[[ Records for this task, beginning ]]
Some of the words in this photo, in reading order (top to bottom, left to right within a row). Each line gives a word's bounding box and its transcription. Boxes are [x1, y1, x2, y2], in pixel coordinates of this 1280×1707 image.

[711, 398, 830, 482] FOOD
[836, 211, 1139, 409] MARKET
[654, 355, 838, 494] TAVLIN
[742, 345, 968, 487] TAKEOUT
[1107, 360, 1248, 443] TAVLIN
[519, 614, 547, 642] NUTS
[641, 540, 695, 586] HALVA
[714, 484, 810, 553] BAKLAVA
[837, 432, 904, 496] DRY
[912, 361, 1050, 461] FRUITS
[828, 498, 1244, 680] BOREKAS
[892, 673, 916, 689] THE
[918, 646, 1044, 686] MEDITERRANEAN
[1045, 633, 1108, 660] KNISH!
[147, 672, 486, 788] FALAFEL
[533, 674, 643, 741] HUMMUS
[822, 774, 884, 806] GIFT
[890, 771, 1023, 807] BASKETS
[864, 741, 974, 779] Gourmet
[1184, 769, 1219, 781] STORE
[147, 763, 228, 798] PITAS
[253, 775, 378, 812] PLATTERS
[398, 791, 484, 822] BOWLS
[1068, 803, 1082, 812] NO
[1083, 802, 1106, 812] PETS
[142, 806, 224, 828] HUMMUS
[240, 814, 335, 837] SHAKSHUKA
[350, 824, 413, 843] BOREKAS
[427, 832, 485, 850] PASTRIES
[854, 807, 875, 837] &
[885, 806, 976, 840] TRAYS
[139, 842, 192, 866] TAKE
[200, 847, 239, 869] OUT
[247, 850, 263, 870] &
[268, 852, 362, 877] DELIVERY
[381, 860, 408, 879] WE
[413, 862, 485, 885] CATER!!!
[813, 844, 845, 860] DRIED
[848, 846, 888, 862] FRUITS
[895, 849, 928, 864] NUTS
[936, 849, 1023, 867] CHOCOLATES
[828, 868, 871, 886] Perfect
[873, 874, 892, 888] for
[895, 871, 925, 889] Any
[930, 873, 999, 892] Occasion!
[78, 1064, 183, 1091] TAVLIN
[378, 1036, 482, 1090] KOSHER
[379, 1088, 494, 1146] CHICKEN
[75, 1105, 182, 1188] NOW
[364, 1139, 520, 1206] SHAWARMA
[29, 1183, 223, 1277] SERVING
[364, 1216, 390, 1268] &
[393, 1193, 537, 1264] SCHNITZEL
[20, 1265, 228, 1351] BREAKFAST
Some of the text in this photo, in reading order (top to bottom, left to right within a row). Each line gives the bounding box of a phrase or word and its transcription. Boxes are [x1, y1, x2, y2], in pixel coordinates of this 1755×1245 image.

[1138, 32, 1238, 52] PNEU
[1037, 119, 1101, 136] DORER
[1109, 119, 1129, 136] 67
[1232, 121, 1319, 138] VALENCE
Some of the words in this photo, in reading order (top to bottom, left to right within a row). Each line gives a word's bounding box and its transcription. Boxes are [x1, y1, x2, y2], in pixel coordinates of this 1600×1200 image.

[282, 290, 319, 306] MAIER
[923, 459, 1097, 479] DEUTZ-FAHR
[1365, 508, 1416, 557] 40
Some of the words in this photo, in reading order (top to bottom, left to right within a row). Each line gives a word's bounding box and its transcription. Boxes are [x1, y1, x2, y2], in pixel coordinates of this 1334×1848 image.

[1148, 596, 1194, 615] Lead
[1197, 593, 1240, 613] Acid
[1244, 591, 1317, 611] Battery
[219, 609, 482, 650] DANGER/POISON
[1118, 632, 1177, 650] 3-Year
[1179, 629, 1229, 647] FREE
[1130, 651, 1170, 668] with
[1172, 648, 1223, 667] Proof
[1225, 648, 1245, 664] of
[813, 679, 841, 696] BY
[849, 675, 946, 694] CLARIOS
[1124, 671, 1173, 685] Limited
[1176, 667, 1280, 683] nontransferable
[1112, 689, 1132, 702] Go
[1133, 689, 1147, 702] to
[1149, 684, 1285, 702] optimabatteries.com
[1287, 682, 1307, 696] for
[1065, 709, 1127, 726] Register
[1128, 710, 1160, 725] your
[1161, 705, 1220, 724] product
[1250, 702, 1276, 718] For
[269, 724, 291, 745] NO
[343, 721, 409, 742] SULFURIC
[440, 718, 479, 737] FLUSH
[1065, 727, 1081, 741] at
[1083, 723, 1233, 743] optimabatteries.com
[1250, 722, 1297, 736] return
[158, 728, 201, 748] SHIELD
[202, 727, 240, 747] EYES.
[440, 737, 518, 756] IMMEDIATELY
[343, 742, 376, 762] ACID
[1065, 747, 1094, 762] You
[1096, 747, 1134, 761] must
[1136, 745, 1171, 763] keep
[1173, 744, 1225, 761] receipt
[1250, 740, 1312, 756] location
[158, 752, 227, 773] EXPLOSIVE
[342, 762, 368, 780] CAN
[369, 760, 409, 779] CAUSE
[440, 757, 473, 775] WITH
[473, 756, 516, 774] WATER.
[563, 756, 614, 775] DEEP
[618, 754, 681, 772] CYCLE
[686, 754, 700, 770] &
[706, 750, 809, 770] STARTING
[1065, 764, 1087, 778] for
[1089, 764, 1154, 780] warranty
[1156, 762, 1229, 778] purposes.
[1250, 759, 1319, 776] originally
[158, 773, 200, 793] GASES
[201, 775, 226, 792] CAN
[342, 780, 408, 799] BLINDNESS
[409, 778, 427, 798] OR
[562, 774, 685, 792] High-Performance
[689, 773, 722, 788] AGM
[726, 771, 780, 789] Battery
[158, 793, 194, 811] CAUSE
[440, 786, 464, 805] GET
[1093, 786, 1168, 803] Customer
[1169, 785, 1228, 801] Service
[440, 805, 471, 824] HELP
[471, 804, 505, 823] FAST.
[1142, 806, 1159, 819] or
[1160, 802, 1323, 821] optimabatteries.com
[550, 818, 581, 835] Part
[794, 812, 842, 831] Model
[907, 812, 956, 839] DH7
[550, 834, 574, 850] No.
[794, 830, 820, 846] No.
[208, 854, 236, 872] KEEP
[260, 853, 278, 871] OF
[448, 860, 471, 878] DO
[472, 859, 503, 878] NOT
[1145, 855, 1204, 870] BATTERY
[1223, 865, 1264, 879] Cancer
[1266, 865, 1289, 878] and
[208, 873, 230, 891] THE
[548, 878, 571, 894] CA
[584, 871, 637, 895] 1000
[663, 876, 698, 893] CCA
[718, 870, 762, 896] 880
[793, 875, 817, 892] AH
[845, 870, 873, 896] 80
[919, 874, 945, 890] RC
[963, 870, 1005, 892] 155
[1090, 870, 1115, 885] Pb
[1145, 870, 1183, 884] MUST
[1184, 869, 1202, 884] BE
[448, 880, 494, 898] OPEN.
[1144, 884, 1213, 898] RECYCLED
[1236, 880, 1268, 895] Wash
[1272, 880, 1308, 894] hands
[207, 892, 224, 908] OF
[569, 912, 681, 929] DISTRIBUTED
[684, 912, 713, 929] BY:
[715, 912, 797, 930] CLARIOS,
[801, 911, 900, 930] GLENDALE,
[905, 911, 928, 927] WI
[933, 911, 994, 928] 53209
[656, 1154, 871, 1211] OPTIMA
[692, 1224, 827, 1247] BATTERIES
[[ Records for this task, end ]]
▸ **Assignment**
In this exercise, repeat the entries above verbatim.

▸ **Reply**
Some of the words in this photo, in reading order (top to bottom, left to right within a row). Each line gives a word's bounding box and its transcription. Boxes are [x1, y1, x2, y2], in pixel coordinates of this 1280×1707 image.

[711, 398, 830, 482] FOOD
[836, 211, 1139, 409] MARKET
[654, 355, 838, 494] TAVLIN
[742, 345, 968, 487] TAKEOUT
[1107, 360, 1248, 443] TAVLIN
[519, 614, 547, 642] NUTS
[641, 540, 695, 586] HALVA
[714, 484, 810, 553] BAKLAVA
[837, 432, 904, 496] DRY
[912, 361, 1050, 461] FRUITS
[828, 498, 1244, 680] BOREKAS
[892, 673, 916, 689] THE
[918, 646, 1044, 686] MEDITERRANEAN
[1045, 633, 1108, 660] KNISH!
[147, 672, 486, 788] FALAFEL
[533, 674, 643, 741] HUMMUS
[822, 774, 884, 806] GIFT
[890, 771, 1023, 807] BASKETS
[864, 741, 974, 779] Gourmet
[1184, 769, 1219, 781] STORE
[147, 763, 228, 798] PITAS
[253, 775, 378, 812] PLATTERS
[398, 791, 484, 822] BOWLS
[1068, 803, 1082, 812] NO
[1083, 802, 1106, 812] PETS
[142, 806, 224, 828] HUMMUS
[240, 814, 335, 837] SHAKSHUKA
[350, 824, 413, 843] BOREKAS
[427, 832, 485, 850] PASTRIES
[854, 807, 875, 837] &
[885, 806, 976, 840] TRAYS
[139, 842, 192, 866] TAKE
[200, 847, 239, 869] OUT
[247, 850, 263, 870] &
[268, 852, 362, 877] DELIVERY
[381, 860, 408, 879] WE
[413, 862, 485, 885] CATER!!!
[813, 844, 845, 860] DRIED
[848, 846, 888, 862] FRUITS
[895, 849, 928, 864] NUTS
[936, 849, 1023, 867] CHOCOLATES
[828, 868, 871, 886] Perfect
[873, 874, 892, 888] for
[895, 871, 925, 889] Any
[930, 873, 999, 892] Occasion!
[78, 1064, 183, 1091] TAVLIN
[378, 1036, 482, 1090] KOSHER
[379, 1088, 494, 1146] CHICKEN
[75, 1105, 182, 1188] NOW
[364, 1139, 520, 1206] SHAWARMA
[29, 1183, 223, 1277] SERVING
[364, 1216, 390, 1268] &
[393, 1193, 537, 1264] SCHNITZEL
[20, 1265, 228, 1351] BREAKFAST
Some of the text in this photo, in reading order (top to bottom, left to right within a row). Each line gives the bounding box of a phrase or word and its transcription. Boxes are [x1, y1, x2, y2], in pixel coordinates of this 1755×1245 image.

[1138, 32, 1238, 52] PNEU
[1037, 119, 1101, 136] DORER
[1109, 119, 1129, 136] 67
[1232, 121, 1319, 138] VALENCE
Some of the words in this photo, in reading order (top to bottom, left to right within a row). Each line gives a word's bounding box and its transcription. Boxes are [x1, y1, x2, y2], in pixel coordinates of this 1600×1200 image.

[282, 290, 319, 306] MAIER
[923, 459, 1097, 479] DEUTZ-FAHR
[1365, 508, 1416, 557] 40
Some of the words in this photo, in reading order (top to bottom, left to right within a row). Each line gives a word's bounding box and its transcription. Boxes are [x1, y1, x2, y2], in pixel coordinates of this 1334×1848 image.

[1148, 596, 1194, 615] Lead
[1197, 593, 1240, 613] Acid
[1244, 591, 1317, 611] Battery
[219, 609, 482, 650] DANGER/POISON
[1118, 632, 1177, 650] 3-Year
[1179, 629, 1229, 647] FREE
[1130, 651, 1170, 668] with
[1172, 648, 1223, 667] Proof
[1225, 648, 1245, 664] of
[813, 679, 841, 696] BY
[849, 675, 946, 694] CLARIOS
[1124, 671, 1173, 685] Limited
[1176, 667, 1280, 683] nontransferable
[1112, 689, 1132, 702] Go
[1133, 689, 1147, 702] to
[1149, 684, 1285, 702] optimabatteries.com
[1287, 682, 1307, 696] for
[1065, 709, 1127, 726] Register
[1128, 710, 1160, 725] your
[1161, 705, 1220, 724] product
[1250, 702, 1276, 718] For
[269, 724, 291, 745] NO
[343, 721, 409, 742] SULFURIC
[440, 718, 479, 737] FLUSH
[1065, 727, 1081, 741] at
[1083, 723, 1233, 743] optimabatteries.com
[1250, 722, 1297, 736] return
[158, 728, 201, 748] SHIELD
[202, 727, 240, 747] EYES.
[440, 737, 518, 756] IMMEDIATELY
[343, 742, 376, 762] ACID
[1065, 747, 1094, 762] You
[1096, 747, 1134, 761] must
[1136, 745, 1171, 763] keep
[1173, 744, 1225, 761] receipt
[1250, 740, 1312, 756] location
[158, 752, 227, 773] EXPLOSIVE
[342, 762, 368, 780] CAN
[369, 760, 409, 779] CAUSE
[440, 757, 473, 775] WITH
[473, 756, 516, 774] WATER.
[563, 756, 614, 775] DEEP
[618, 754, 681, 772] CYCLE
[686, 754, 700, 770] &
[706, 750, 809, 770] STARTING
[1065, 764, 1087, 778] for
[1089, 764, 1154, 780] warranty
[1156, 762, 1229, 778] purposes.
[1250, 759, 1319, 776] originally
[158, 773, 200, 793] GASES
[201, 775, 226, 792] CAN
[342, 780, 408, 799] BLINDNESS
[409, 778, 427, 798] OR
[562, 774, 685, 792] High-Performance
[689, 773, 722, 788] AGM
[726, 771, 780, 789] Battery
[158, 793, 194, 811] CAUSE
[440, 786, 464, 805] GET
[1093, 786, 1168, 803] Customer
[1169, 785, 1228, 801] Service
[440, 805, 471, 824] HELP
[471, 804, 505, 823] FAST.
[1142, 806, 1159, 819] or
[1160, 802, 1323, 821] optimabatteries.com
[550, 818, 581, 835] Part
[794, 812, 842, 831] Model
[907, 812, 956, 839] DH7
[550, 834, 574, 850] No.
[794, 830, 820, 846] No.
[208, 854, 236, 872] KEEP
[260, 853, 278, 871] OF
[448, 860, 471, 878] DO
[472, 859, 503, 878] NOT
[1145, 855, 1204, 870] BATTERY
[1223, 865, 1264, 879] Cancer
[1266, 865, 1289, 878] and
[208, 873, 230, 891] THE
[548, 878, 571, 894] CA
[584, 871, 637, 895] 1000
[663, 876, 698, 893] CCA
[718, 870, 762, 896] 880
[793, 875, 817, 892] AH
[845, 870, 873, 896] 80
[919, 874, 945, 890] RC
[963, 870, 1005, 892] 155
[1090, 870, 1115, 885] Pb
[1145, 870, 1183, 884] MUST
[1184, 869, 1202, 884] BE
[448, 880, 494, 898] OPEN.
[1144, 884, 1213, 898] RECYCLED
[1236, 880, 1268, 895] Wash
[1272, 880, 1308, 894] hands
[207, 892, 224, 908] OF
[569, 912, 681, 929] DISTRIBUTED
[684, 912, 713, 929] BY:
[715, 912, 797, 930] CLARIOS,
[801, 911, 900, 930] GLENDALE,
[905, 911, 928, 927] WI
[933, 911, 994, 928] 53209
[656, 1154, 871, 1211] OPTIMA
[692, 1224, 827, 1247] BATTERIES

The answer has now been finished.